→ **INSTRUCTIONS TO FOLLOW**:
Copy every record word for word. Pictures are not part of the copy.

→ **INPUT RECORDS**:
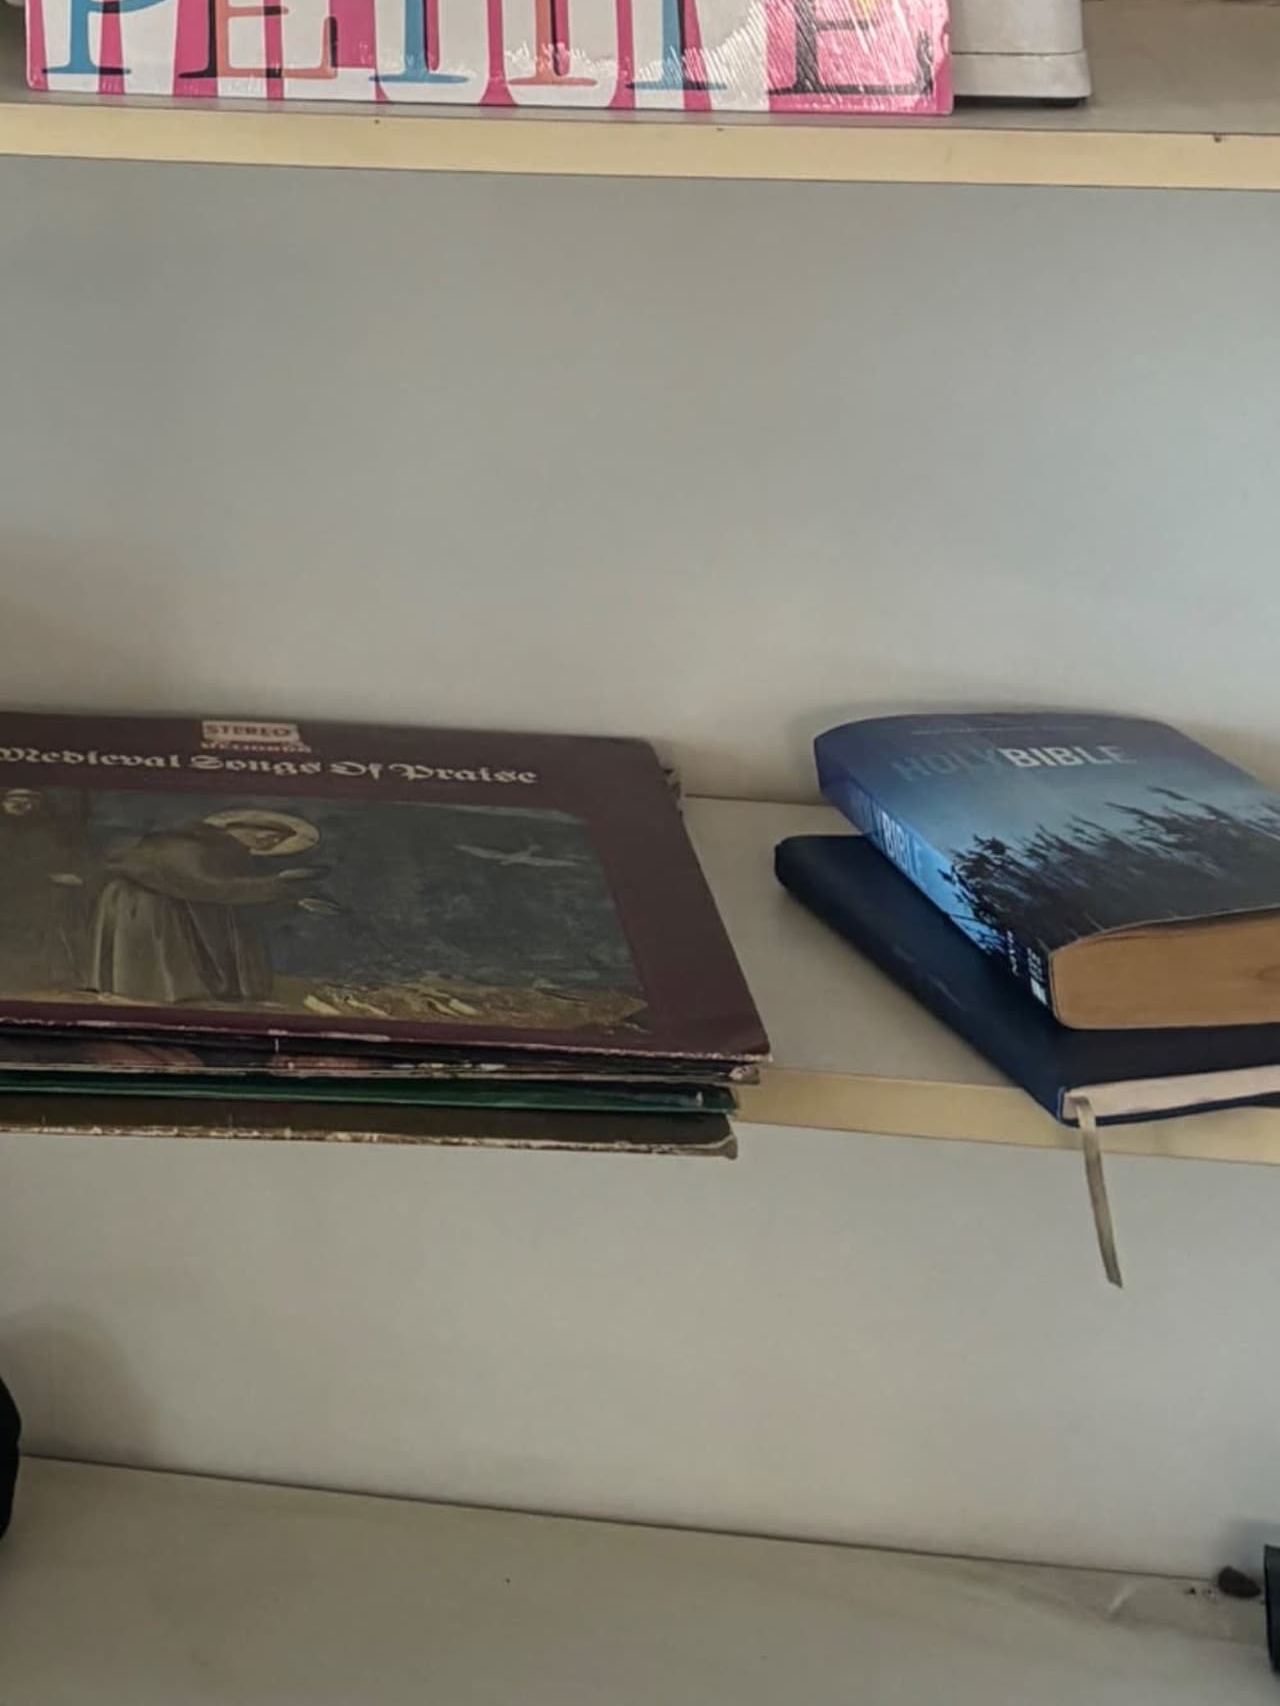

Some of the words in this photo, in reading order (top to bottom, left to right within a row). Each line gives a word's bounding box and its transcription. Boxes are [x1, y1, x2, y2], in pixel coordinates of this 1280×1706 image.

[206, 724, 290, 737] STEREO
[190, 754, 323, 776] Songs
[330, 760, 384, 780] Of
[389, 763, 538, 784] Praise
[892, 745, 1000, 782] HOLY
[998, 745, 1137, 768] BIBLE

→ **TASK RESULT**:
Some of the words in this photo, in reading order (top to bottom, left to right within a row). Each line gives a word's bounding box and its transcription. Boxes are [x1, y1, x2, y2], in pixel coordinates of this 1280×1706 image.

[206, 724, 290, 737] STEREO
[190, 754, 323, 776] Songs
[330, 760, 384, 780] Of
[389, 763, 538, 784] Praise
[892, 745, 1000, 782] HOLY
[998, 745, 1137, 768] BIBLE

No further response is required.